> **WHAT YOU NEED TO DO**
Copy the entries without a single change. Pictures should be dropped.

> **PROVIDED DATA**
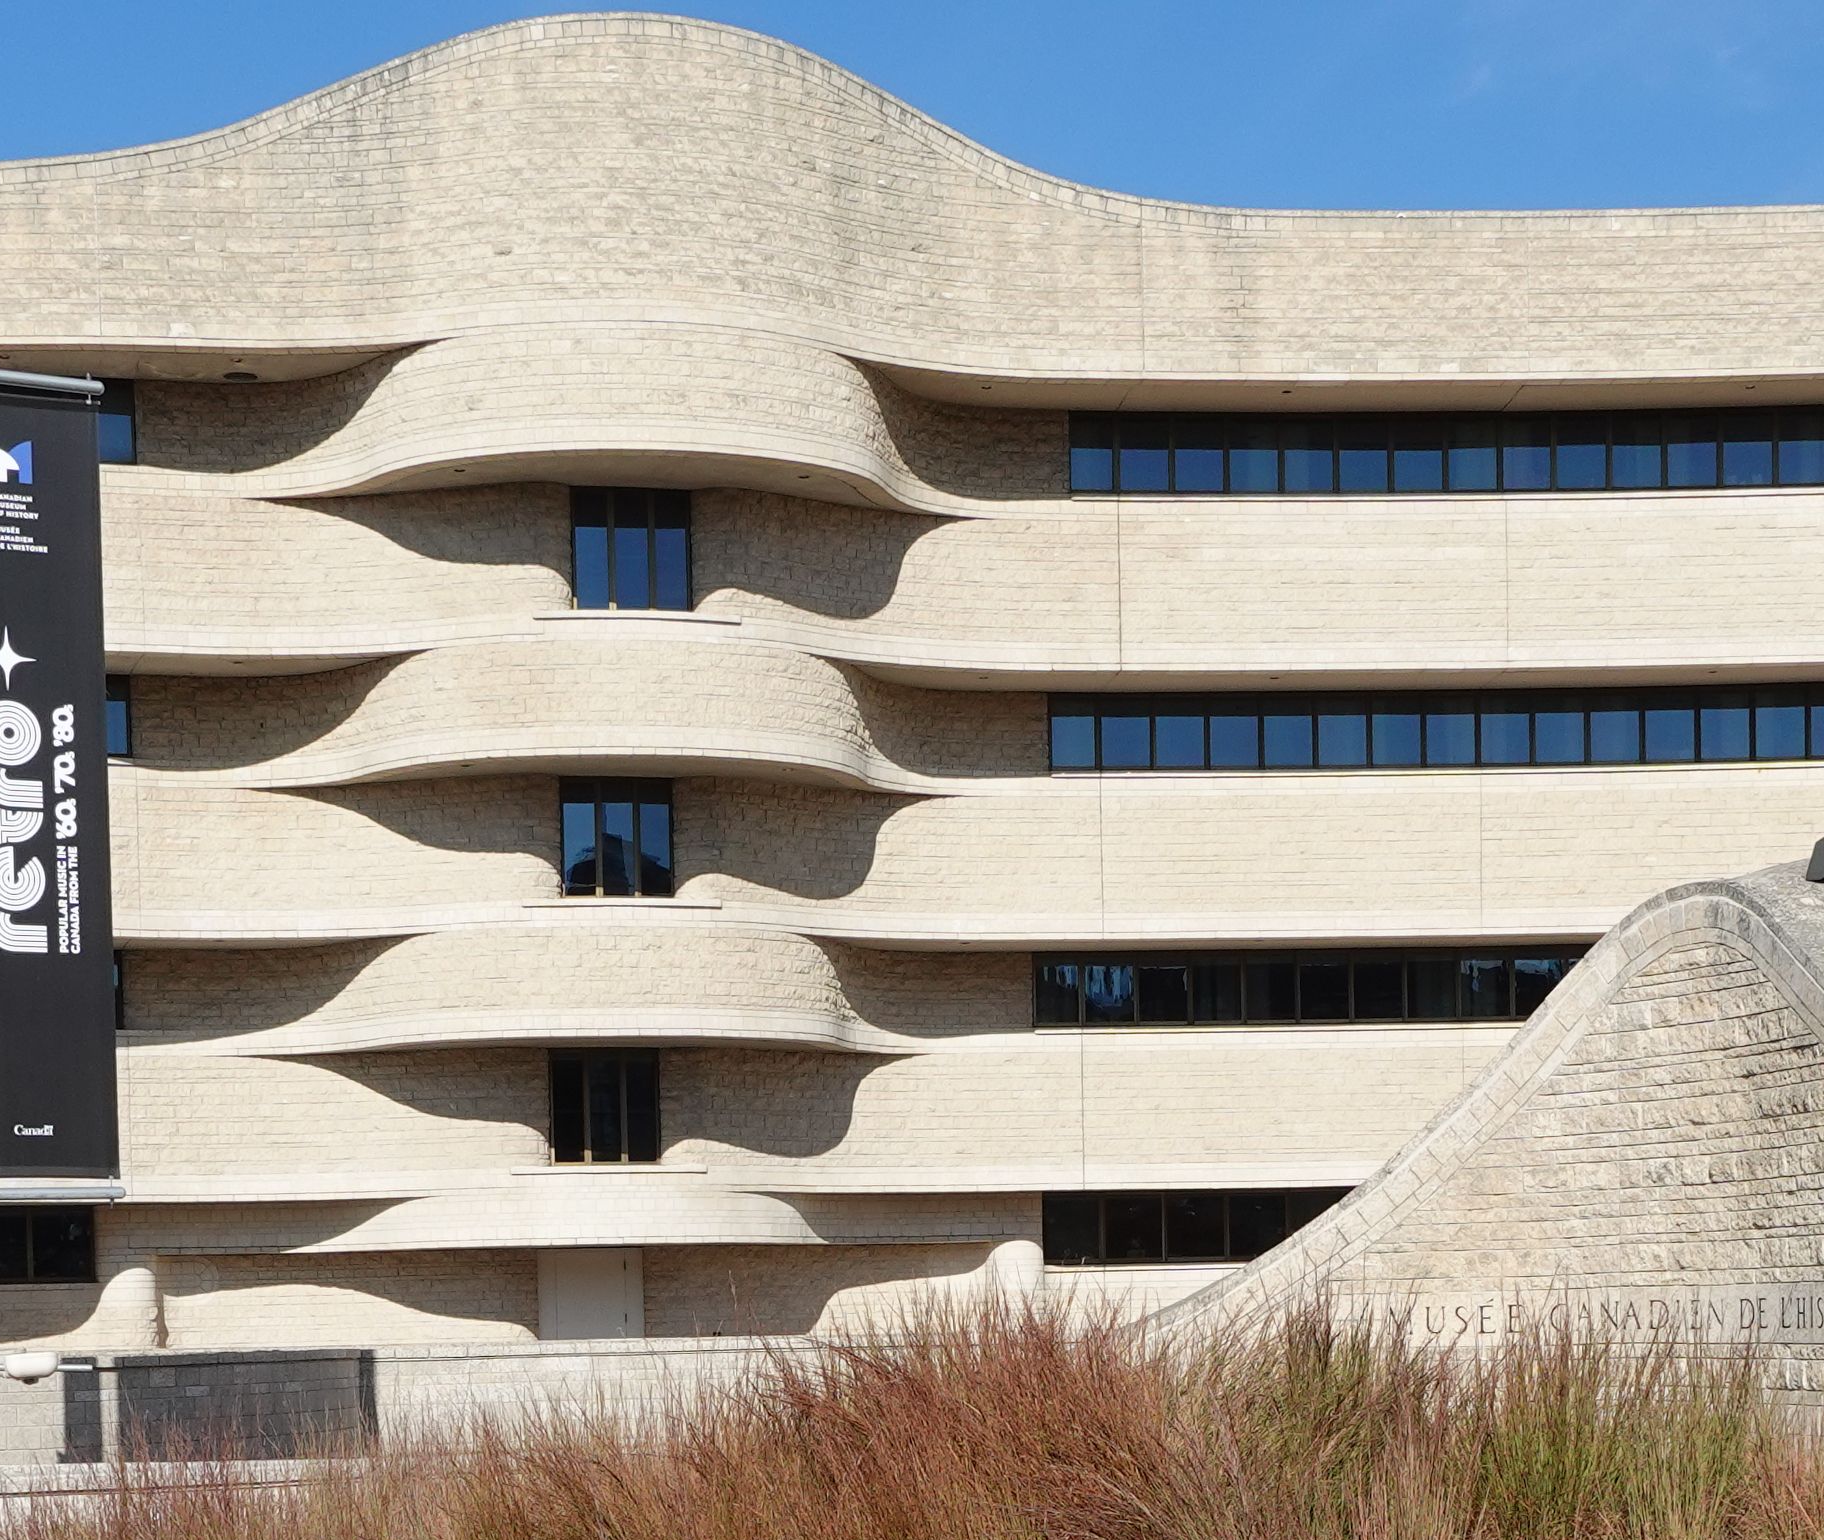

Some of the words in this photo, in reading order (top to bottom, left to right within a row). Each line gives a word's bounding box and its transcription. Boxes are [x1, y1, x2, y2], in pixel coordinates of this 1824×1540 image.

[56, 845, 66, 859] IN
[67, 846, 78, 869] THE
[57, 860, 67, 897] MUSIC
[68, 871, 79, 904] FROM
[58, 899, 69, 953] POPULAR
[69, 905, 80, 954] CANADA
[13, 1124, 54, 1136] Canada
[1388, 1298, 1524, 1336] MUSÉE
[1740, 1297, 1768, 1330] DE

> **OUTPUT OF THE EXERCISE**
Some of the words in this photo, in reading order (top to bottom, left to right within a row). Each line gives a word's bounding box and its transcription. Boxes are [x1, y1, x2, y2], in pixel coordinates of this 1824×1540 image.

[56, 845, 66, 859] IN
[67, 846, 78, 869] THE
[57, 860, 67, 897] MUSIC
[68, 871, 79, 904] FROM
[58, 899, 69, 953] POPULAR
[69, 905, 80, 954] CANADA
[13, 1124, 54, 1136] Canada
[1388, 1298, 1524, 1336] MUSÉE
[1740, 1297, 1768, 1330] DE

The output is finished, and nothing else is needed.